The XX Factor

Why Conservatives Aren’t Wrong to Question Breast Cancer Screenings

Washington, UNITED STATES: The pink ribbon, symbolic of breast cancer support, is seen during the Komen Community Challenge rally 26 April, 2007 on Capitol Hill in Washington, DC. The Susan G. Komen for the Cure released the ‘Breast Cancer Mortality Report: Closing the Gaps in Eight Communities,’ which gives an in depth look into eight communities with unusually high breast cancer mortality rates. AFP PHOTO/Karen BLEIER (Photo credit should read KAREN BLEIER/AFP/Getty Images)

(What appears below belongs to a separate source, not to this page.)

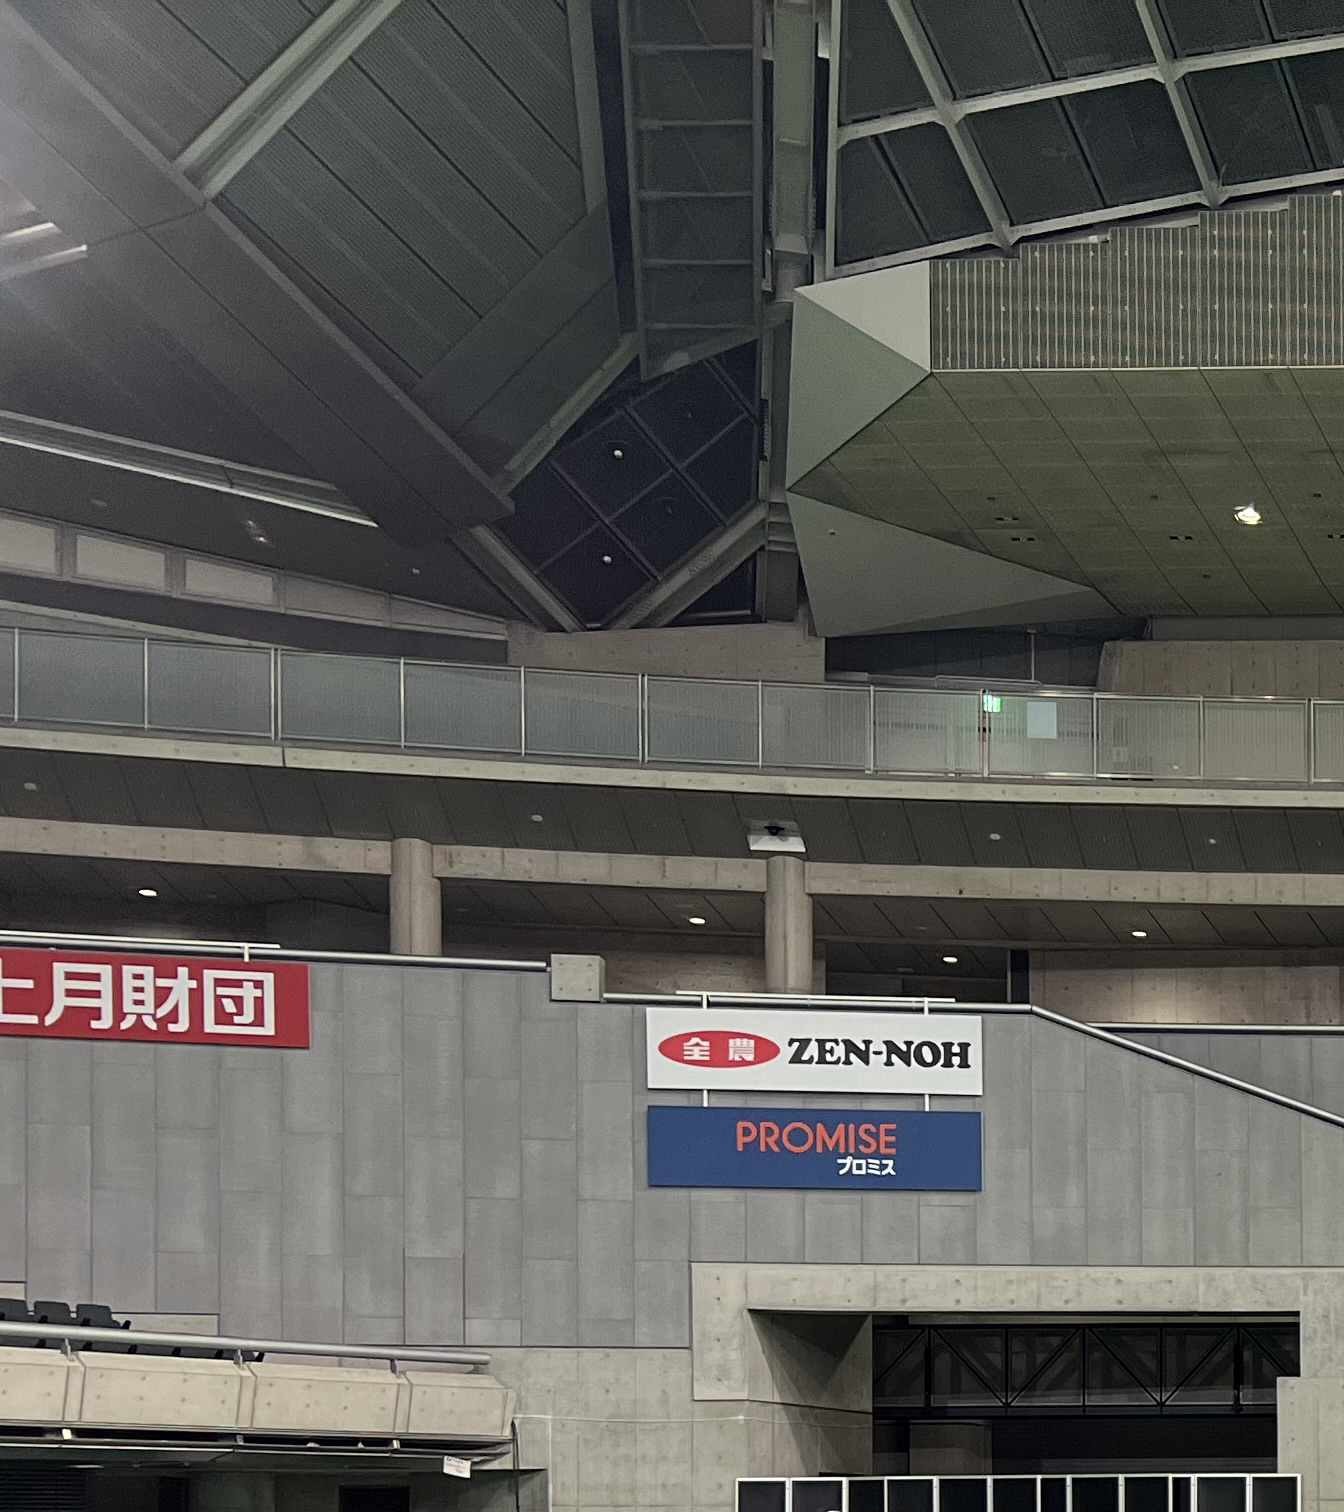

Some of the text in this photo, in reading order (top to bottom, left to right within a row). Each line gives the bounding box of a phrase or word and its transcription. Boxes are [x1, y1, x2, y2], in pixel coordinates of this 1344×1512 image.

Photo by KAREN BLEIER/AFP/Getty Images

Last week the Daily Kos did a poll which showed that 51 percent of conservatives have an unfavorable view of Planned Parenthood’s breast cancer screening services. In a post about the poll, Kos writer Kaili Joy Gray commented, “Guess the sanctity of their political opposition to women’s health care trumps the ‘sanctity of life.’” Jezebel followed suit over the weekend, criticizing conservatives who don’t look kindly on Planned Parenthood’s screening services as embracing “a pro-cancer platform.” While it’s entirely possible that the conservatives with an unfavorable view of PP’s breast cancer screenings just hate everything the organization does and that they don’t give a fig about poor women’s health, what’s been lost in the Susan G. Komen fracas is that screening mammograms might not actually be the panacea that Komen has made them out to be.

Slate contributor Christie Aschwanden has a thorough, wonderful post about breast cancer science on Discover Magazine’s website. She describes the common breast cancer narrative that Komen has been peddling—“that breast cancer is a uniformly progressive disease that starts small and only grows and spreads if you don’t stop it in time”—as deliberately misleading. Aschwanden explains the way breast cancer works:

Years of research have led scientists to discover that breast tumors are not all alike. Some are fast moving and aggressive, others are never fated to metastasize. The problem is that right now we don’t have a surefire way to predict in advance whether a cancer will spread or how aggressive it might become. (Scientists are working on the problem though.)

Some breast cancers will never become invasive and don’t need treatment. These are the ones most apt to be found on a screening mammogram, and they’re the ones that make people such devoted advocates of mammography. H. Gilbert Welch of the Dartmouth Institute for Health Policy and Clinical Practice, calls this the overdiagnosis paradox. Overdiagnosis is what happens when a mammogram finds an indolent cancer. A healthy person whose life was never threatened by breast cancer is suddenly turned into a cancer survivor. She thinks the mammogram saved her life, and so she becomes an advocate of the test.

Some cancers behave just the opposite of these slow-growing, indolent ones. Researchers now know that some cancers are extremely aggressive from the start. There’s simply no such thing as “early” detection for these cancers. By the time they’re detectable by any of our existing methods, they’ve already metastasized.

Aschwanden makes clear that she’s talking about screening mammograms here—which are mammograms given to healthy women in which tumors might be found. That’s different from a diagnostic mammogram, which is done after a woman has already detected a lump in her breast.

Planned Parenthood may have been using Komen’s money to fund both screening and diagnostic mammograms and the referrals of these services. I’ve yet to see any information from either organization that distinguishes the two. The only hope here is that the publicity surrounding this kerfuffle will result in scrutiny of how breast cancer charity money is being used. Assuming people who don’t automatically support screening mammograms are “pro-cancer” would be part of that.